Jake, sayısız Ruh Gücü parçacıklarından birine yardım etmek yerine, bu anın derin, eski usul bir iç gözlem için uygun olduğunu fark etti. Aurasının ilerlemesi, henüz düşünme fırsatı bulamadığı daha varoluşsal sorulara dalmak için bir fırsat sunuyordu.
Neden öldürüyordu?
Neden savaşıyordu?
Neden bu Çilelerde hayatını riske atıyordu?
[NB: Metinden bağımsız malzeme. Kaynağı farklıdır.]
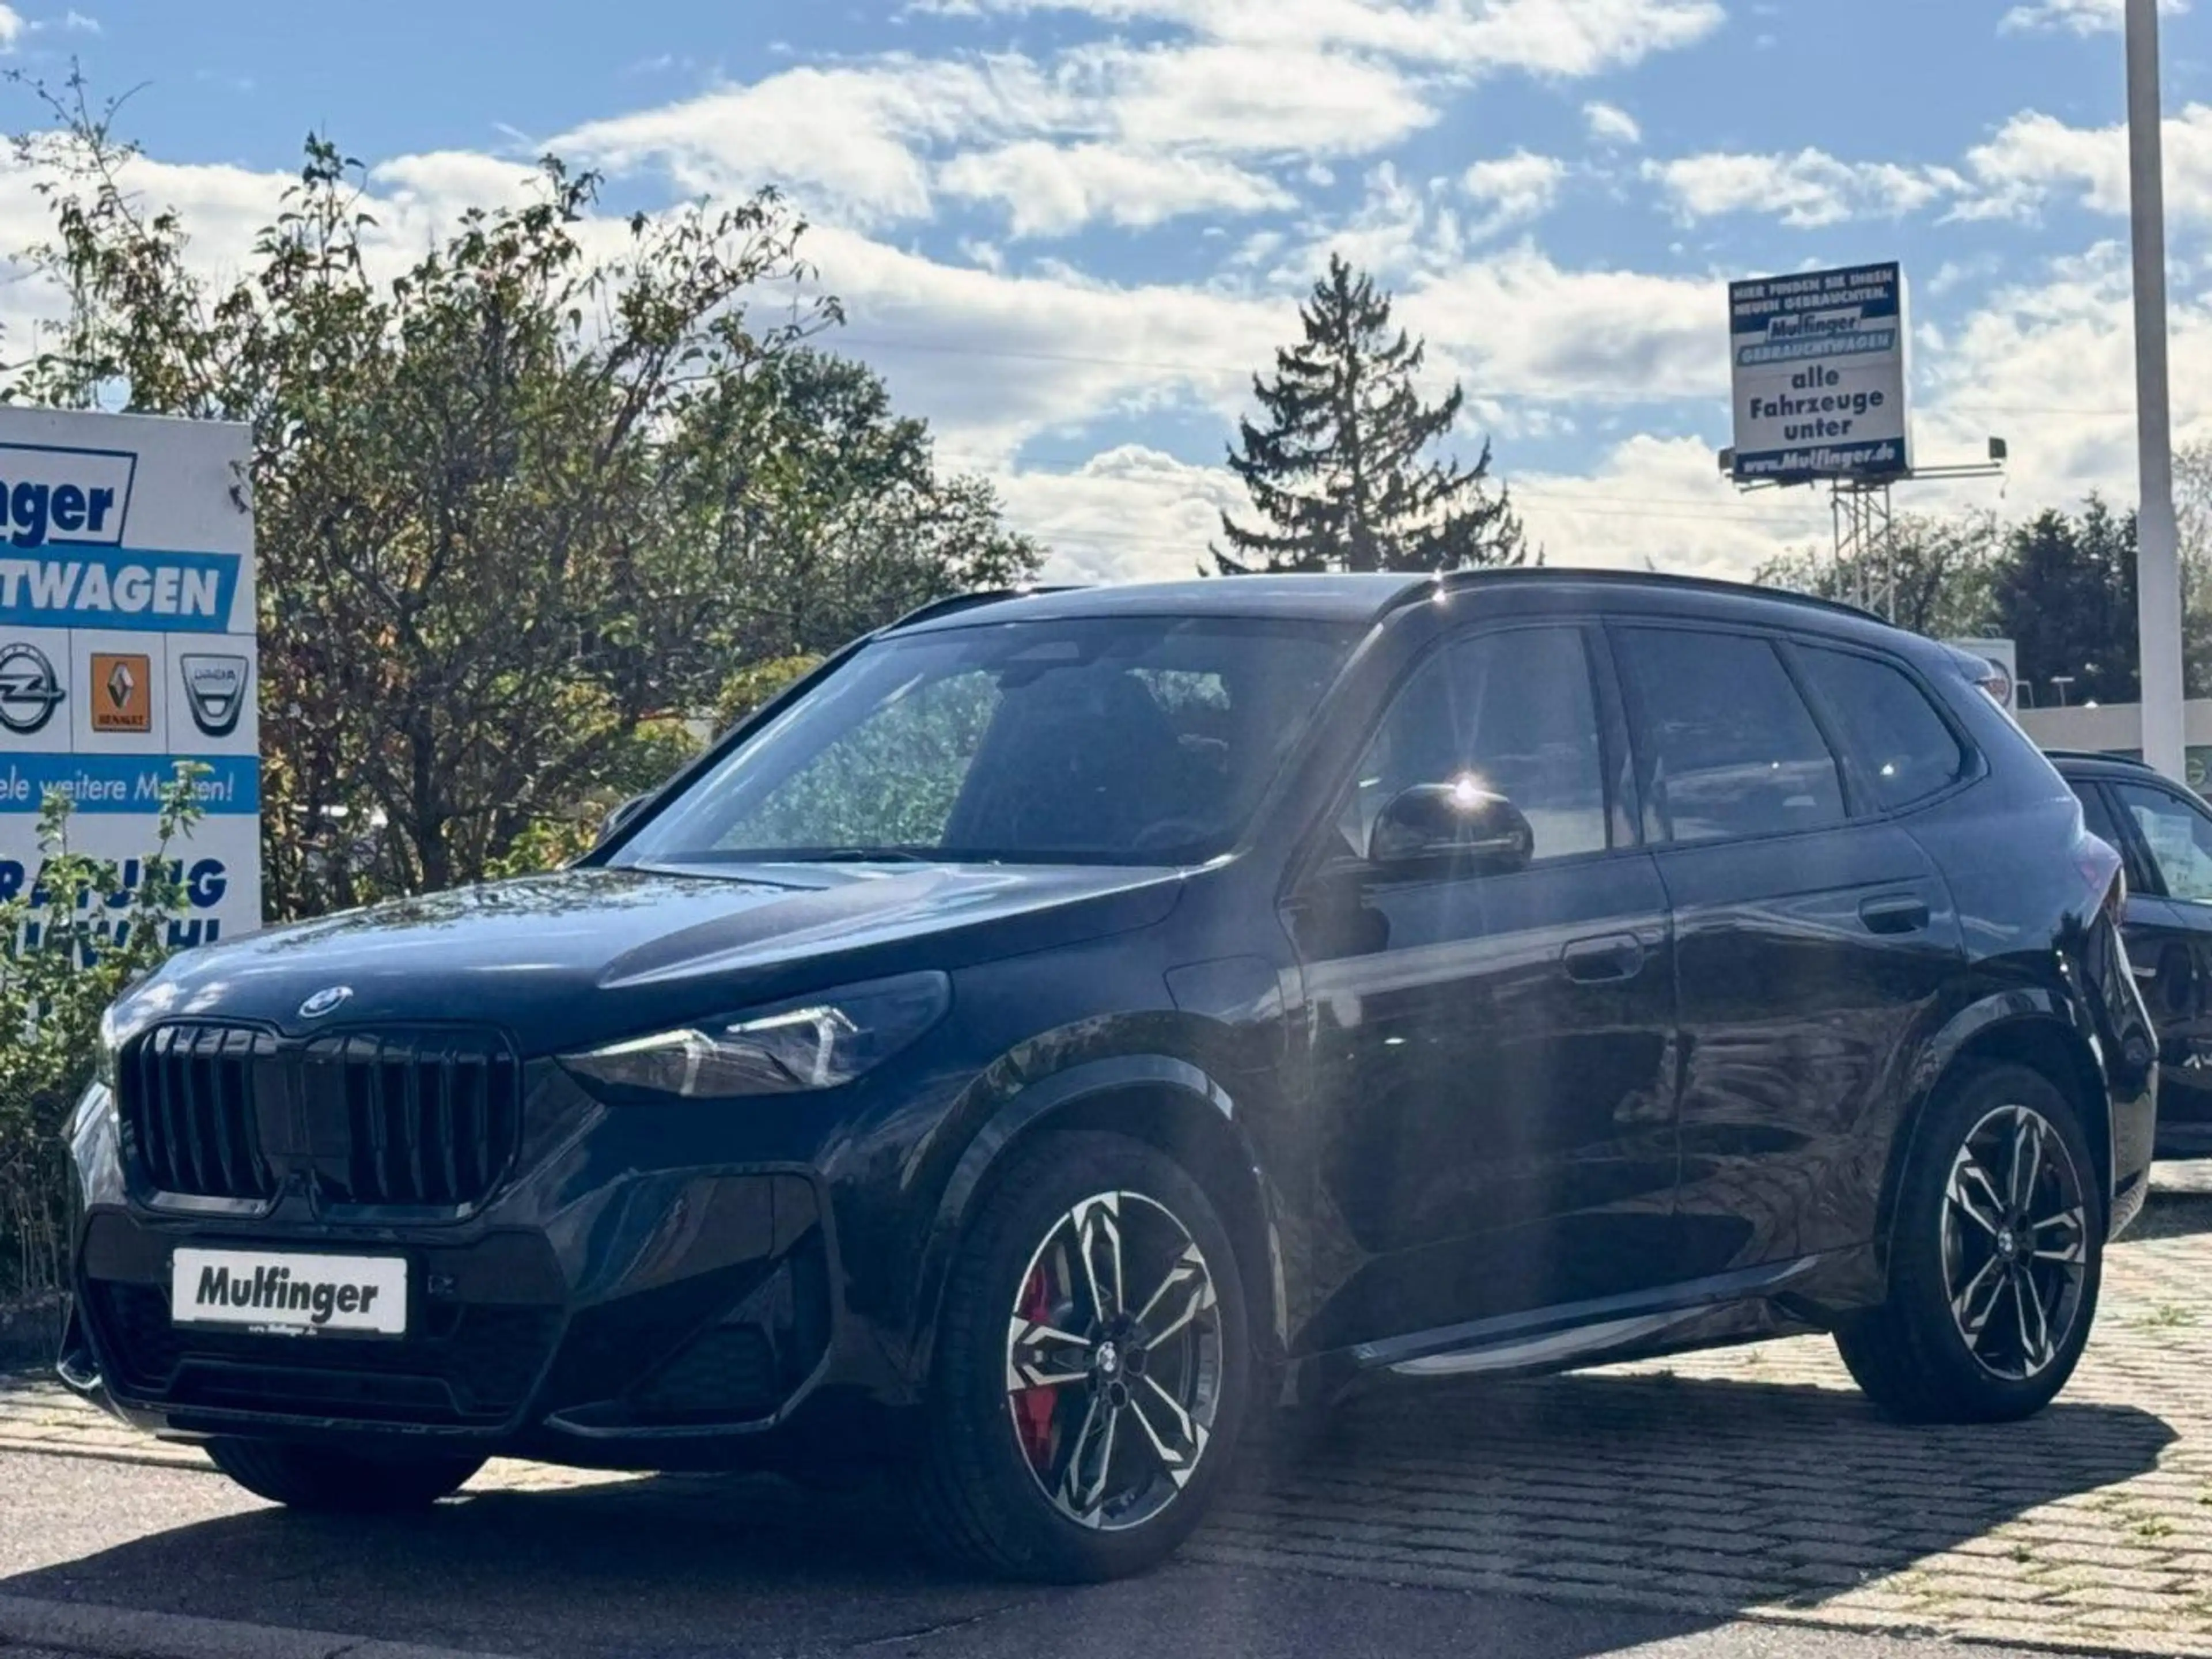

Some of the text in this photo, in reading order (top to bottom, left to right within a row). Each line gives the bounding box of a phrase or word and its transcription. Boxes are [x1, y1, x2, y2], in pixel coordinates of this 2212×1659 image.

Hayatta kalmak için mi? Kesinlikle, ama bu herkesin hikayesi değil miydi?
Varoluşlarının amacını çok az kişi biliyordu, ama en azından neden ölmek istemediklerini herkes anlıyordu. Umut parıldadığı sürece, yaşamak için mücadele etmeye değerdi.
Daha güçlü olmak için mi? Elbette, bu doğruydu, ama bu her Evrimci için geçerliydi. Hatta, ne kadar sönük veya tembel olursa olsun, her bilinçli varlık, en iyi olmak ya da en azından gelişmek için derin bir hırs besliyordu.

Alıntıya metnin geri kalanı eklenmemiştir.